**WHAT IS BEING ASKED**
Retype the data below verbatim; pictures do not belong in the copy.

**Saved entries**
------------------------------

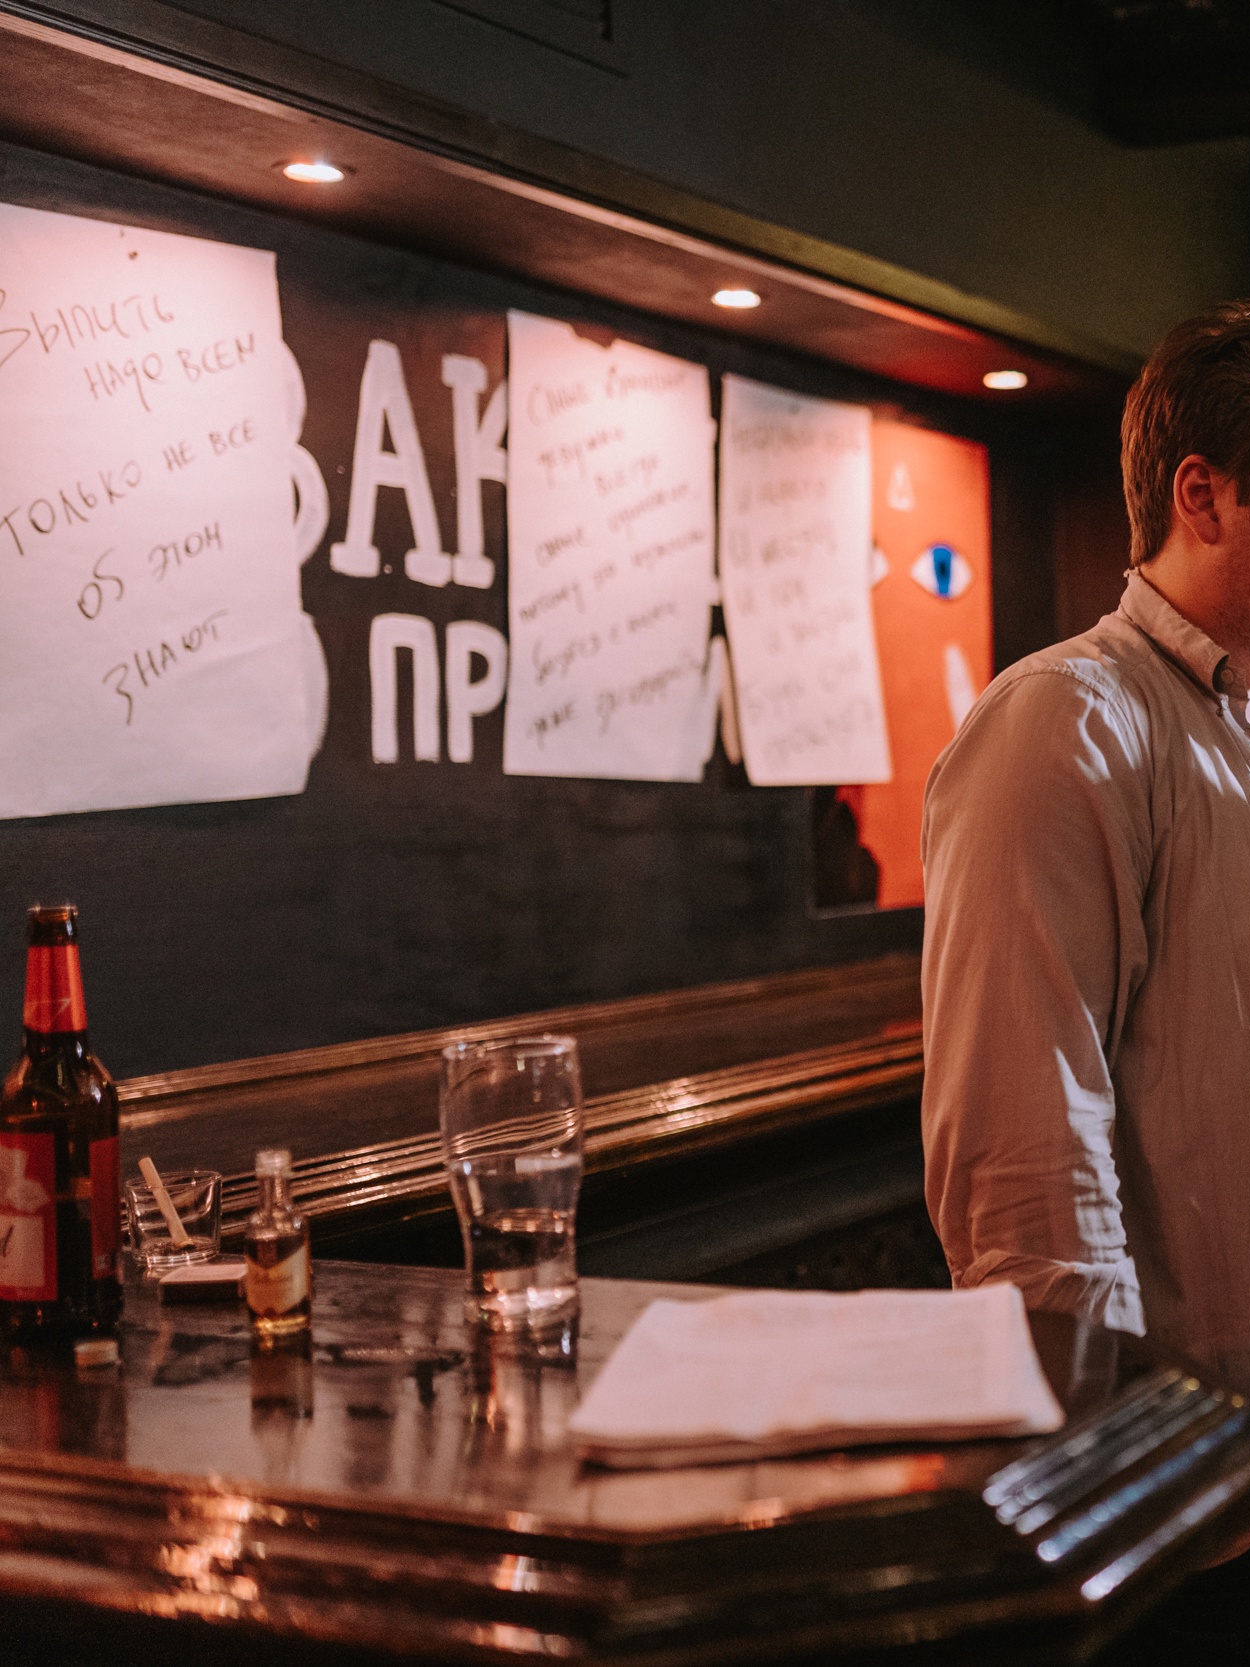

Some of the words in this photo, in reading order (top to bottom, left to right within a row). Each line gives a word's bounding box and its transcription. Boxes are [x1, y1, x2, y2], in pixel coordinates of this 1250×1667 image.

[0, 461, 142, 556] ТОЛЬКО
[162, 441, 197, 472] НЕ
[208, 419, 257, 457] ВСЕ
[102, 608, 229, 726] ЗНАЮТ

------------------------------

**ANSWER BOX**
Some of the words in this photo, in reading order (top to bottom, left to right within a row). Each line gives a word's bounding box and its transcription. Boxes are [x1, y1, x2, y2], in pixel coordinates of this 1250×1667 image.

[0, 461, 142, 556] ТОЛЬКО
[162, 441, 197, 472] НЕ
[208, 419, 257, 457] ВСЕ
[102, 608, 229, 726] ЗНАЮТ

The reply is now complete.